Decoding the impact of glucose-dependent insulinotropic polypeptide receptor (GIPR) agonist on cardiometabolic health: inflammatory mediators at the focus

Background
The Glucagon-like peptide-1 receptor (GLP-1R) and the glucose-dependent insulinotropic polypeptide receptor (GIPR) are well-established drug targets for the treatment of diabetes and obesity. Studies have linked GLP-1R agonist to cardiometabolic diseases (CMDs), while the therapeutic potential of the GIPR agonist remains a topic of debate.

Methods
Using genetic variants as instrumental variables, we performed a two-sample Mendelian randomization (MR) analysis to investigate causal relationships between genetically proxied GIPR agonist and 23 CMD outcomes, and a two-step mediation analysis to identify mediating inflammatory biomarkers.
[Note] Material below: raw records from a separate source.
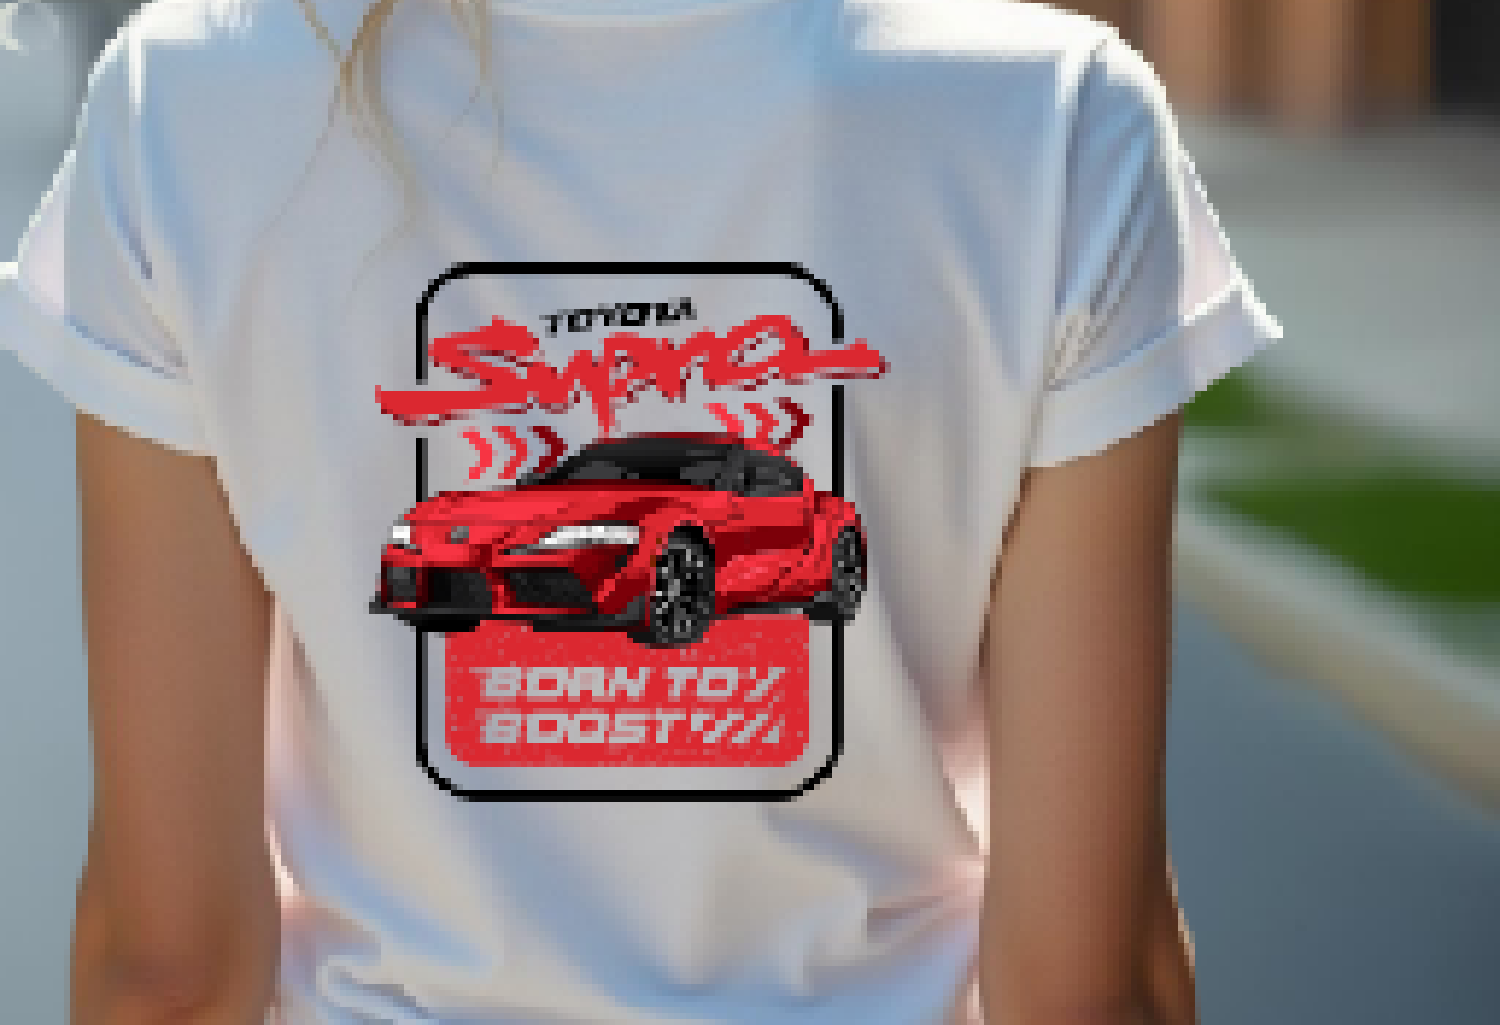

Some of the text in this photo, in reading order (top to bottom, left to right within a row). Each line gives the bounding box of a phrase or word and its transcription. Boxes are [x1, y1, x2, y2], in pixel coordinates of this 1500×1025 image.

[472, 666, 741, 702] BORN TO
[476, 709, 686, 743] BOOST
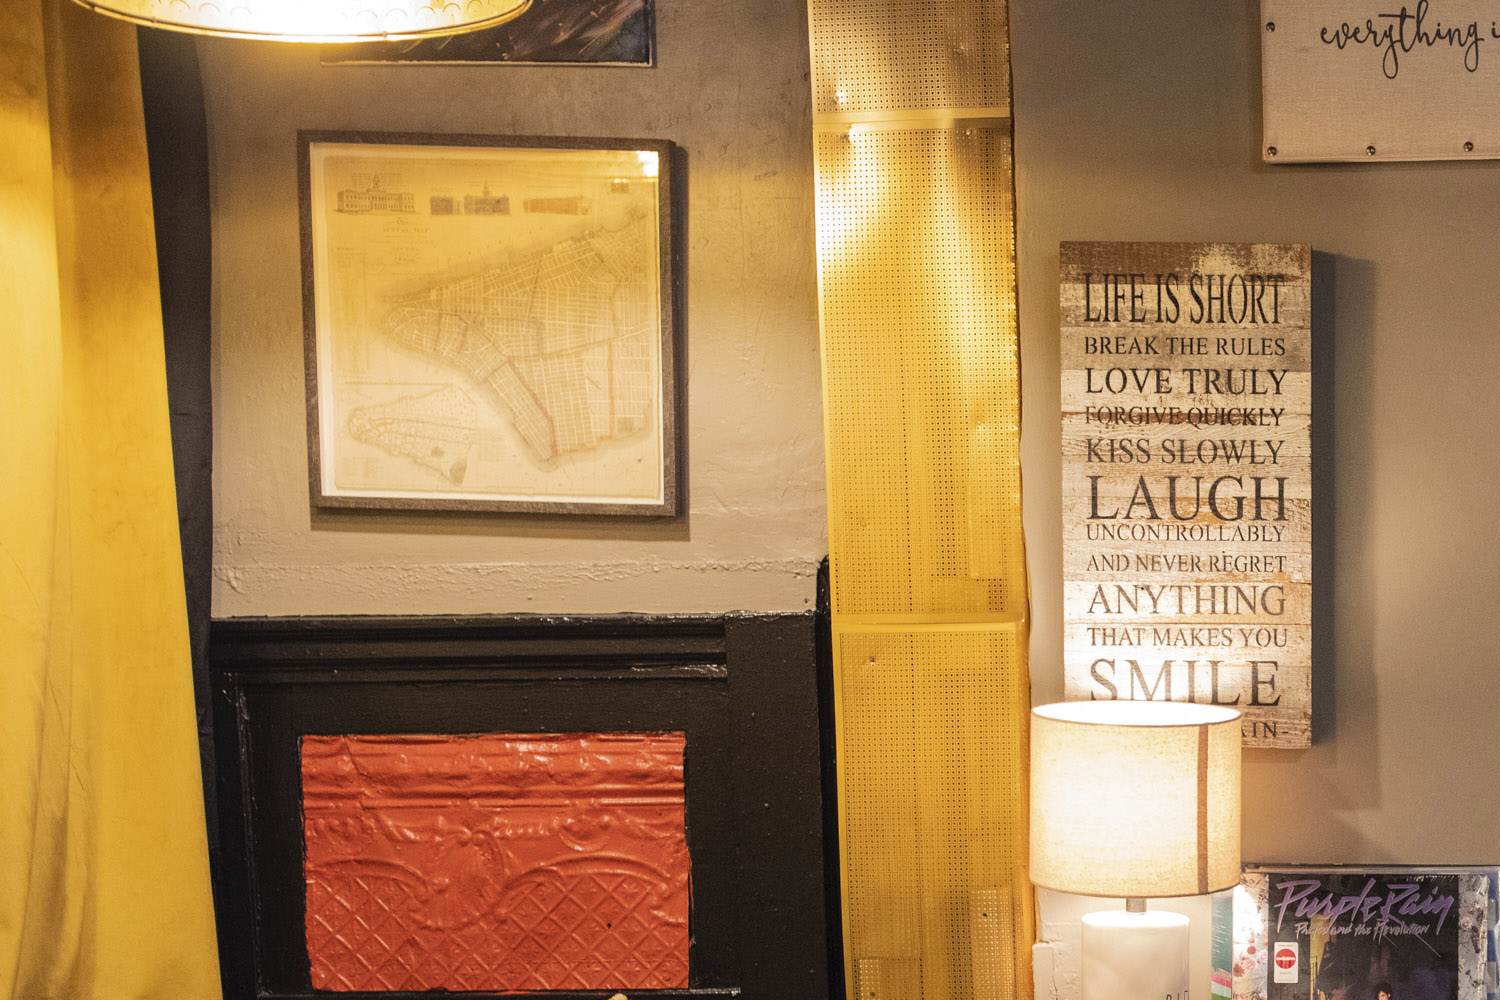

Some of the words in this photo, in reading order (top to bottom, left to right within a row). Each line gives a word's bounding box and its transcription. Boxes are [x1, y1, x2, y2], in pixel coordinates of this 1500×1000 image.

[1320, 0, 1485, 79] everything
[1083, 272, 1147, 324] LIFE
[1156, 272, 1180, 323] IS
[1188, 272, 1286, 325] SHORT
[1083, 337, 1160, 356] BREAK
[1165, 337, 1210, 356] THE
[1216, 337, 1286, 356] RULES
[1085, 367, 1173, 395] LOVE
[1181, 367, 1288, 396] TRULY
[1085, 406, 1181, 426] FORGIVE
[1186, 407, 1285, 428] QUICKLY
[1086, 438, 1151, 465] KISS
[1160, 438, 1285, 465] SLOWLY
[1087, 475, 1288, 523] LAUGH
[1086, 524, 1286, 542] UNCONTROLLABLY
[1086, 555, 1132, 573] AND
[1136, 555, 1204, 573] NEVER
[1208, 555, 1287, 573] REGRET
[1087, 584, 1287, 616] ANYTHING
[1087, 628, 1148, 647] THAT
[1152, 628, 1233, 647] MAKES
[1238, 628, 1288, 647] YOU
[1090, 658, 1282, 707] SMILE
[1274, 878, 1378, 934] Purple
[1377, 884, 1455, 948] Rain
[1354, 923, 1371, 936] the
The inverse variance weighted (IVW) method served as the primary analytical approach, supplemented by sensitivity analyses to validate robustness.

Results
The genetic mimicry of GIPR enhancement showed significant protective associations with 14 CMDs. Mediation analysis revealed that Fms-related tyrosine kinase 3 ligand (Flt3L) partially mediated the effects of GIPR agonist on angina (OR 0.997 [0.995–0.999], P = 0.0048) and myocardial infarction(MI) (OR 0.998 [0.996–0.999], P = 0.0077), accounting for 15.49% and 16.71% of the total risk reduction, respectively.

Conclusion
Our study revealed that GIPR agonist lowers the risk of 14 CMDs. Flt3L is pinpointed as a key mediating factor in reducing angina and MI risk, suggesting a new therapeutic avenue.